"""

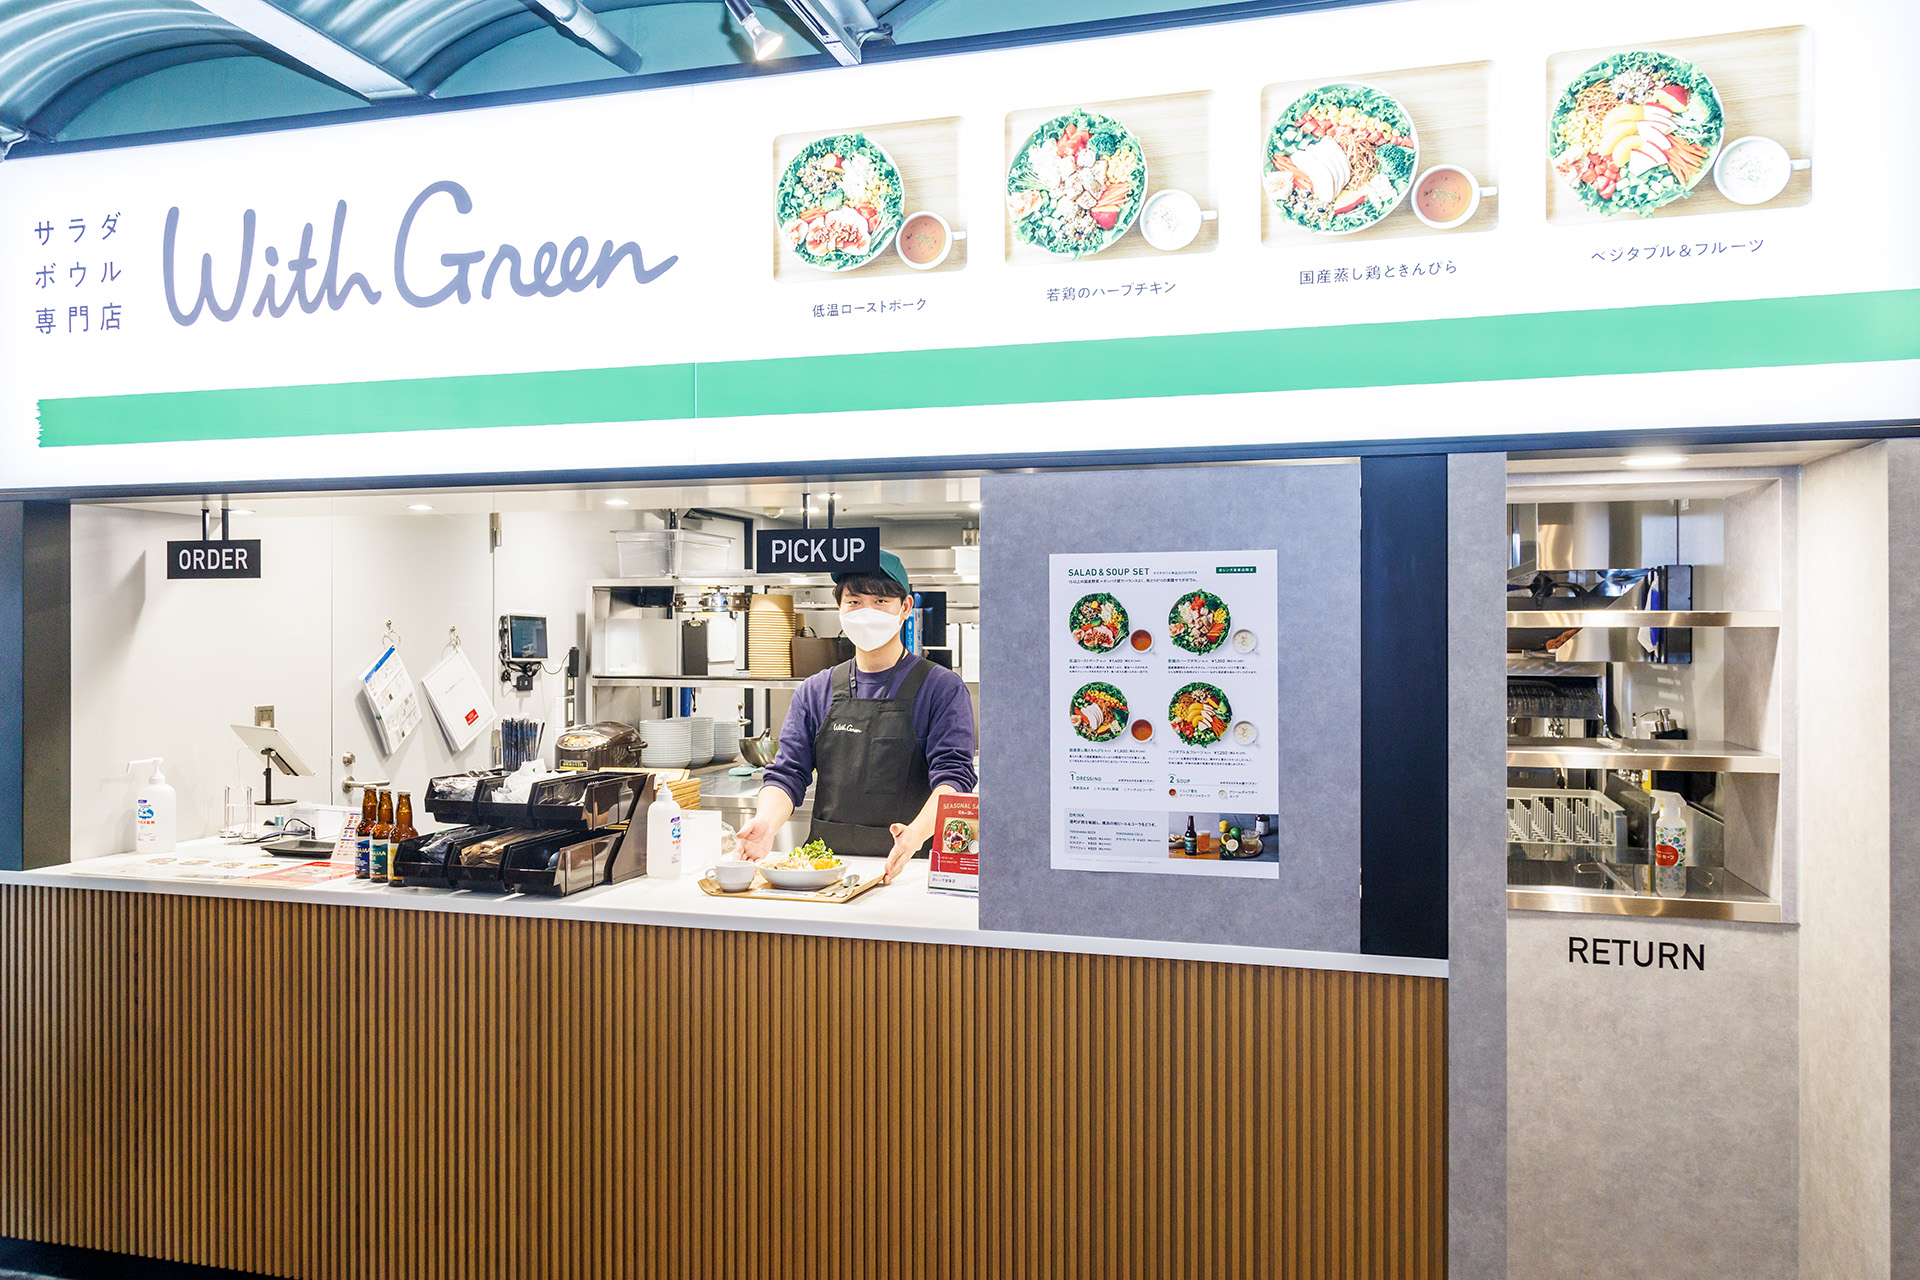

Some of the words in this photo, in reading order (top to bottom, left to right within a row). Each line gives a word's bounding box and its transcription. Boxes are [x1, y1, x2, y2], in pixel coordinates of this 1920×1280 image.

[34, 212, 121, 245] サラダ
[163, 200, 381, 326] With
[394, 181, 678, 308] Green
[35, 261, 121, 288] ボウル
[1299, 260, 1457, 286] 国産蒸し鶏ときんぴら
[1047, 281, 1176, 302] 若鶏のハーブチキン
[35, 302, 122, 335] 専門店
[812, 298, 927, 318] 低温ローストポーク
[179, 548, 248, 570] ORDER
[771, 539, 827, 563] PICK
[833, 538, 865, 562] UP
[1068, 568, 1097, 576] SALAD
[1106, 568, 1130, 576] SOUP
[1133, 568, 1150, 576] SET
[1570, 937, 1704, 970] RETURN

"""

Problem details ▸ Print each record exactly as it stands, omitting the pictures.

Finished task ▸
Some of the words in this photo, in reading order (top to bottom, left to right within a row). Each line gives a word's bounding box and its transcription. Boxes are [x1, y1, x2, y2], in pixel coordinates of this 1920×1280 image.

[34, 212, 121, 245] サラダ
[163, 200, 381, 326] With
[394, 181, 678, 308] Green
[35, 261, 121, 288] ボウル
[1299, 260, 1457, 286] 国産蒸し鶏ときんぴら
[1047, 281, 1176, 302] 若鶏のハーブチキン
[35, 302, 122, 335] 専門店
[812, 298, 927, 318] 低温ローストポーク
[179, 548, 248, 570] ORDER
[771, 539, 827, 563] PICK
[833, 538, 865, 562] UP
[1068, 568, 1097, 576] SALAD
[1106, 568, 1130, 576] SOUP
[1133, 568, 1150, 576] SET
[1570, 937, 1704, 970] RETURN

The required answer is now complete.